Then they played the footage of the incident again and I noticed something. Beneath the audible catastrophizing of the commentary team, the scene itself was calm. The chain dropped. Roglič extended the length of his arm and his pointer finger indicated the problem to the man behind on the motorbike, relaxed, as though gesturing to a friend. He got off his bike. He put his chain back on. He kept riding. Quietly. He disappeared again, and it was the disappearance that made it seem as though the race was over.

Had he not disappeared, had we known every single time gap, every single second, had we seen his face, it perhaps would have been different. But the mountain gave Primož Roglič his privacy. It shrouded him. The eyes of the world were not upon him. They had switched to Geraint Thomas, the oldest potential winner of the Giro d’Italia, and a worthy one in his own right – a man just as unlucky as Roglič if not more so. The look on Thomas’ face seemed familiar. Wan. Perspiring. The lead was such that no one really noticed it at first.

When we saw Roglič again, he rode steadily, at a high cadence, with energy. When the numbers came in, they were shocking. The incident with the chain was negligible. He was speeding through Višarje like a man possessed. Hope alighted and then spread like wildfire. And soon hope turned into certainty. Willed on by the sheer collective love of so many people, adrenaline, and skill, he moved forward, and forward, and forward.

What we were witnessing was one of the most remarkable acts of mental strength, of pure physical and psychological resilience ever to be gleaned in sport. Slack-faced, bright-eyed, the man in yellow swept through the grand corners. The final barriers appeared, emblazoned with Slovenian flags. Suddenly, it was all about to end and we would know.

Roglič came through the line more than 40 seconds ahead of João Almeida, the man currently in the hot seat. Primož Roglič slowed. He got off his bike. Only then did the focus drift to the man still on the course. Geraint Thomas didn’t get his due. The whole stage, we were hyperbolizing about the downfall, yet again of Primož Roglič, expected and inevitable, tragic and beautiful in its tragedy. Thomas was not the source of attention until it was too late, even though he had endured to this point in stellar form, vintage, even, until, cruelly, it was over for him. Until he found himself on the wrong side of disappointment. 

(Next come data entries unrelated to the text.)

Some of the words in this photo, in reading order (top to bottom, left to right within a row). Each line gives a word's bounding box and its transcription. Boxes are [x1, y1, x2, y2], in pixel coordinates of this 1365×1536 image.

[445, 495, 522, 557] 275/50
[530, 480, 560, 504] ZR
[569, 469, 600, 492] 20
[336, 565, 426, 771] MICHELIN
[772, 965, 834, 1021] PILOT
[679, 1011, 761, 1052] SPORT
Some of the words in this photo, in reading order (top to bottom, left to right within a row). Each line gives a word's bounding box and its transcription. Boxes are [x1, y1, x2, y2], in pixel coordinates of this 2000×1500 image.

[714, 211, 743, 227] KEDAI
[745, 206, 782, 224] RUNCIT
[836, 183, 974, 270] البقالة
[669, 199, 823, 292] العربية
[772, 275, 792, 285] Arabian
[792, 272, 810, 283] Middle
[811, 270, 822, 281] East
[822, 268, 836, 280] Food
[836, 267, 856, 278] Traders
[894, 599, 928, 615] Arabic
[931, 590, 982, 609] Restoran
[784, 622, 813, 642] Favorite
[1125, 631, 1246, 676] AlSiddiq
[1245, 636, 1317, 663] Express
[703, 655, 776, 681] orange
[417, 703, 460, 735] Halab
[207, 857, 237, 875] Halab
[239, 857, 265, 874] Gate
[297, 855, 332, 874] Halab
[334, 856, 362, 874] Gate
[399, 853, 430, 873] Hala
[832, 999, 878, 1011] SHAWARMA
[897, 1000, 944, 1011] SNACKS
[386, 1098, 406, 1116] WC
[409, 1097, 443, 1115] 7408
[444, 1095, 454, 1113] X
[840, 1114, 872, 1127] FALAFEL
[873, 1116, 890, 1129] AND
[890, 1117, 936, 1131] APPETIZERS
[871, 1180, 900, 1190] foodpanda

The moment Primož Roglič won the Giro d’Italia, I burst into tears. I’m not alone. Three years is a long time to wait for forgiveness, to wait for something to close the open circle of expectation, to wait for the satisfaction of hrepenenje, to long for resolution.

That same furrowed look of intense, almost worried, concentration, met this time with triumph, not heartbreak. ©kramon

To borrow from Slovene storytelling, I’d begun to think of Roglič as cycling’s desetnica, that unlucky child cursed from birth to wander the world forever, never to return home. Rarely in this world do we receive the gift of catharsis, real catharsis, after which nothing can be questioned. Rarely in this world do we feel as though some great weight has been lifted from our collective shoulders.

Sport, at its whole, is one of the only institutions that offer us such things – it is not planned through the machinations of a narrator, but enacted by athletes of their own accord, beyond our control, beyond anyone’s control. As a result, these victories feel as though they happen to us. That’s why they make us shout, make us cry, make us hope for the same kind of triumph in our own lives. This is a profound gift.

Let me say this: There is no more La Planche des Belles Filles. We can all move on. Roglič can expand beyond being this caricature of trauma and instead be remembered for what he really is: the picture of human resilience, a testimony to the sheer prevailing courage of the human spirit. If he is capable of this, he, and by extent we, are capable of anything. Curses are not real, they are created by pattern-seeking minds desperate to make sense of disparate events. Roglič is free now from a great and terrible burden, the burden of a story, even if it’s bestowed upon him by the outside world, by those same pattern-seeking minds. 

In his freedom, we too, are free.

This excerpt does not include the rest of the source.